Posted on 05/29/2003 7:05:14 AM PDT by eastsider

ARISE, REJOICE, GOD IS CALLING YOU

(Commencement Address at Georgetown University,
WASHINGTON, D.C., May 17, 2003)




God be praised for this major event today in the life of Georgetown University. Near a thousand young people are graduating. To you, dear young friends, I say: Allow serious religion to lead you to lasting joy. Happy parents and friends surround their loved ones. With them I say: Let us thank God for the gift of the family. The Company of Jesus, the Jesuits, initiated and nourish this University. With them I rejoice at the patrimony of St. Ignatius and especially that the Catholic Church is God’s gift to the world. To all I say: Arise, rejoice, God is calling you.

1. Serious Religion leads to lasting Joy.

My dear graduands, at this turning point in your lives, it is helpful to keep to essentials. One of them is to locate in what happiness consists. Everyone wants to be happy. Every human being desires lasting joy.

True happiness does not consist in the accumulation of goods: money, cars, houses. Nor is it to be found in pleasure seeking: eating, drinking, sex. And humans do not attain lasting joy by power grabbing, dominating others, or heaping up public acclaim. These three things, good in themselves when properly sought, were not able to confer on Solomon, perfect happiness. And they will not be able to confer it on anyone else! (cf. Eccles1:2-3; IIKing11;1-8; Mt20:24-28; IJn 2:15-16).

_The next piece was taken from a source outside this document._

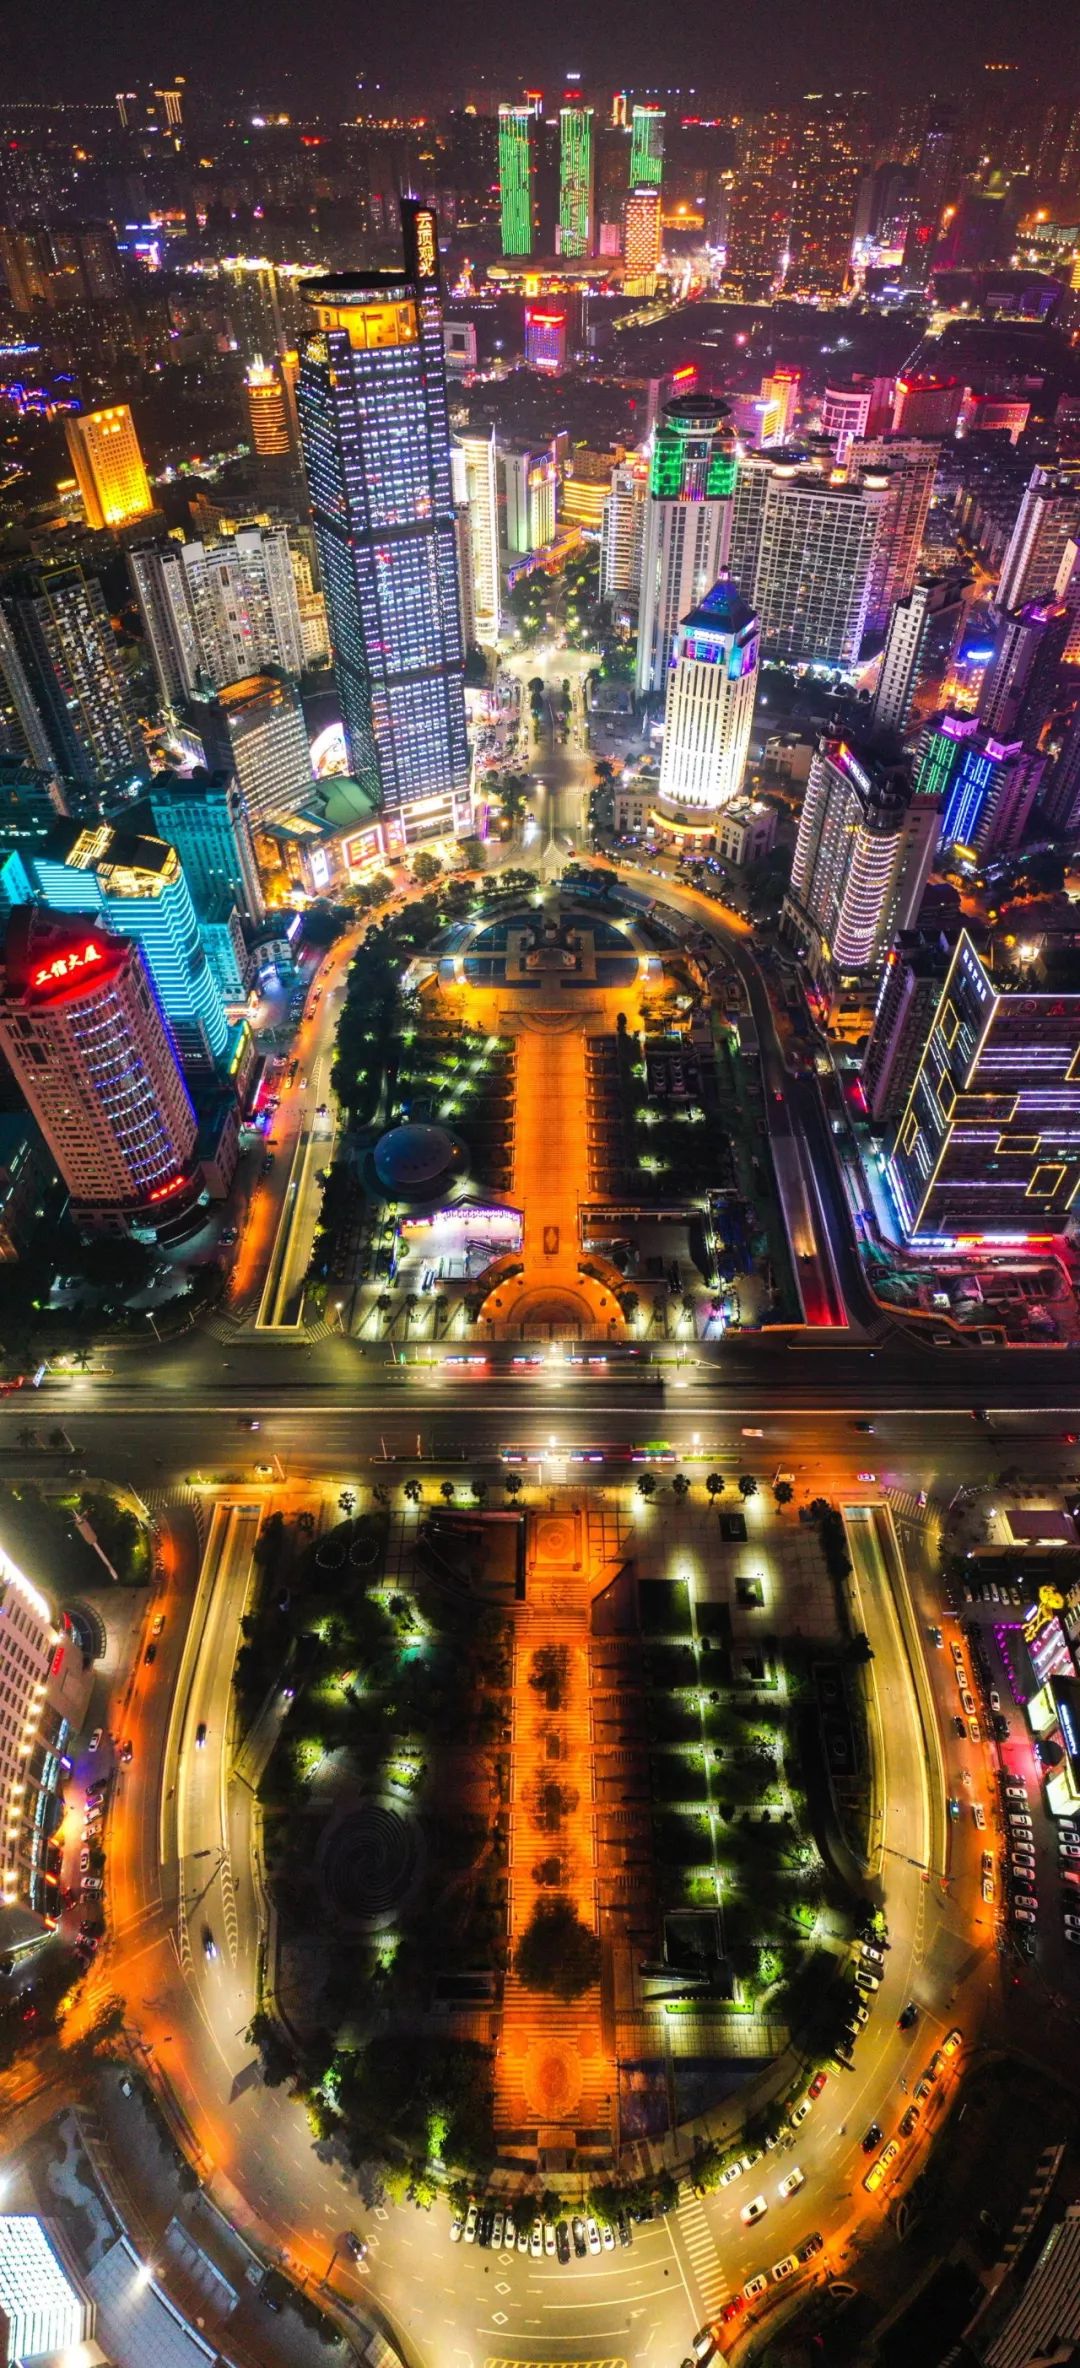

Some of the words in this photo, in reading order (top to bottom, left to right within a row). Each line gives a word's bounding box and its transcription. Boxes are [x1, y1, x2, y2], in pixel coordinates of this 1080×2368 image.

[417, 213, 434, 276] 云顶观光
[36, 945, 101, 985] 工信大厦

Happiness is attained by achieving the purpose of our earthly existence. God made me to know him, to love him, to serve him in this world and to be happy with him for ever in the next. St. Augustine found this out in his later age after making many mistakes in his youth. He then cried out to God: "You have made us for yourself, and our heart is restless until it rests in you" (St. Aug. Conf. I, 1). My religion guides and helps me towards this. My Catholic faith puts me in contact with Jesus Christ who is the way, the truth and the life (cf. Jn14:6). God’s grace helps me to live on earth in such a way as to attain the purpose of my earthly existence.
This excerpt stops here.